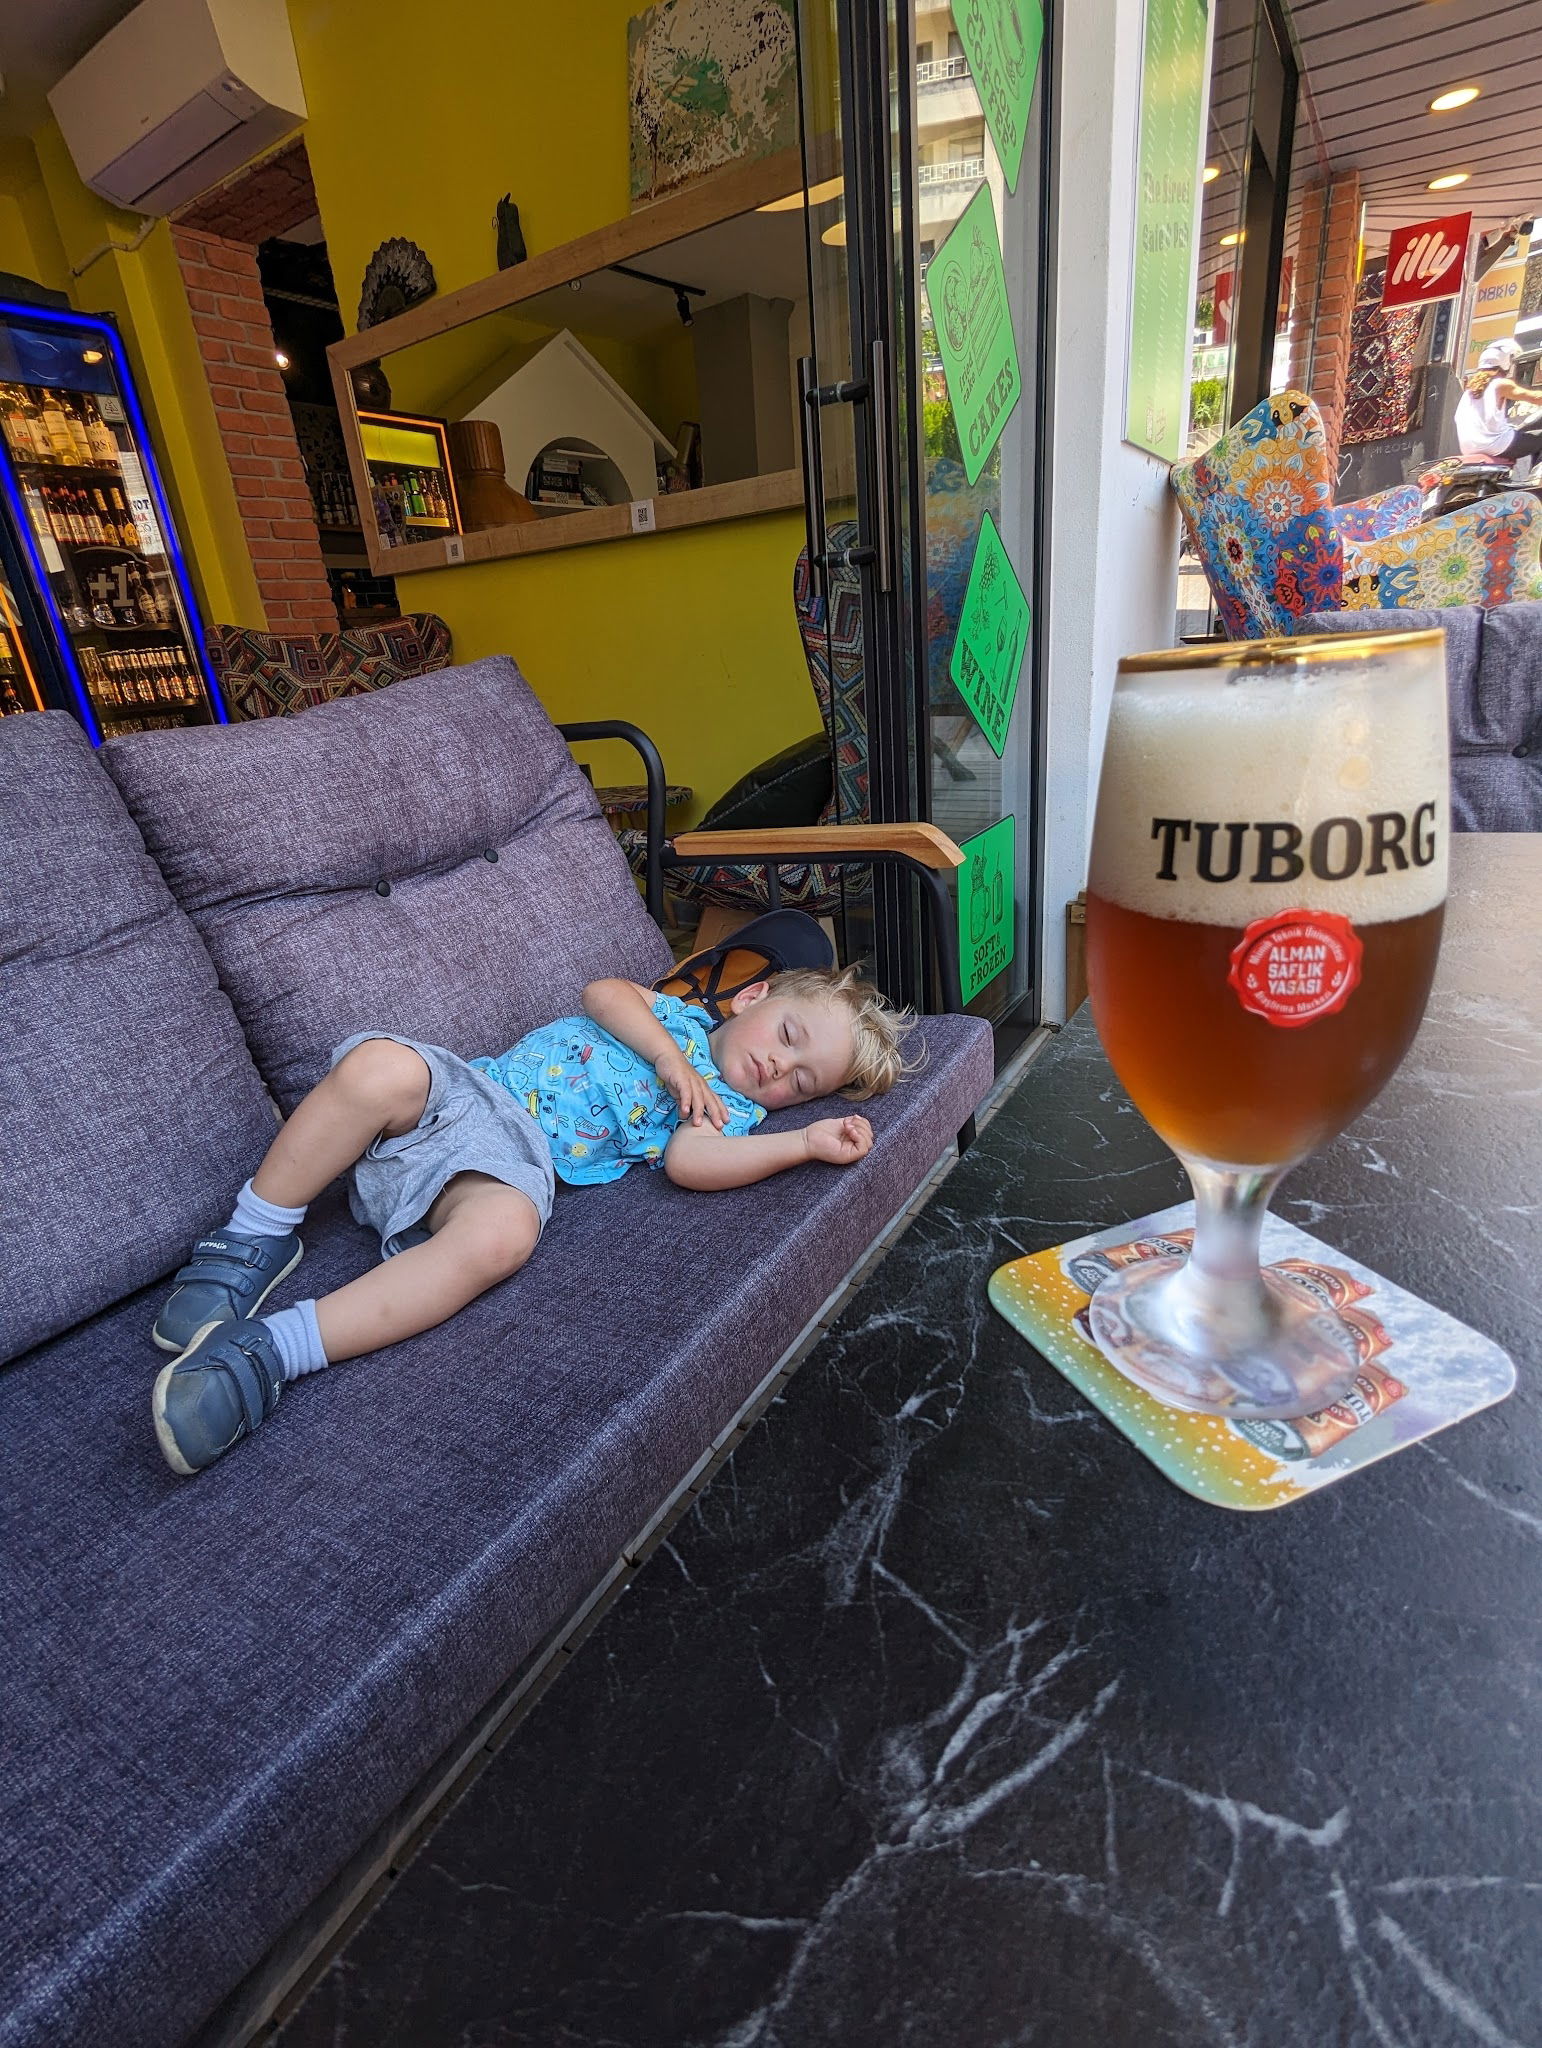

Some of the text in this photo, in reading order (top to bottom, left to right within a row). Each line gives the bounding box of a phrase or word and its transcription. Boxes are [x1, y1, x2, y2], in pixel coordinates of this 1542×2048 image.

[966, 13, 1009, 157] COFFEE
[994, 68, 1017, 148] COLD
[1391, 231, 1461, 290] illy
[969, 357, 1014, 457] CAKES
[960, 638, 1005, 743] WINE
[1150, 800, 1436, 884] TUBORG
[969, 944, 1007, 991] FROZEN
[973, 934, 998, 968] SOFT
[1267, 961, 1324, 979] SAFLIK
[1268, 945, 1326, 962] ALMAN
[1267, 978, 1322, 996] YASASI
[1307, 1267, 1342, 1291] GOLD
^^^^^^^^^^^^^^^^
# EXERCISE INSTRUCTIONS
Your copy of the data should match it exactly, apart from the images, which are omitted.

# ANSWER TO THE PROBLEM
Some of the text in this photo, in reading order (top to bottom, left to right within a row). Each line gives the bounding box of a phrase or word and its transcription. Boxes are [x1, y1, x2, y2], in pixel coordinates of this 1542×2048 image.

[966, 13, 1009, 157] COFFEE
[994, 68, 1017, 148] COLD
[1391, 231, 1461, 290] illy
[969, 357, 1014, 457] CAKES
[960, 638, 1005, 743] WINE
[1150, 800, 1436, 884] TUBORG
[969, 944, 1007, 991] FROZEN
[973, 934, 998, 968] SOFT
[1267, 961, 1324, 979] SAFLIK
[1268, 945, 1326, 962] ALMAN
[1267, 978, 1322, 996] YASASI
[1307, 1267, 1342, 1291] GOLD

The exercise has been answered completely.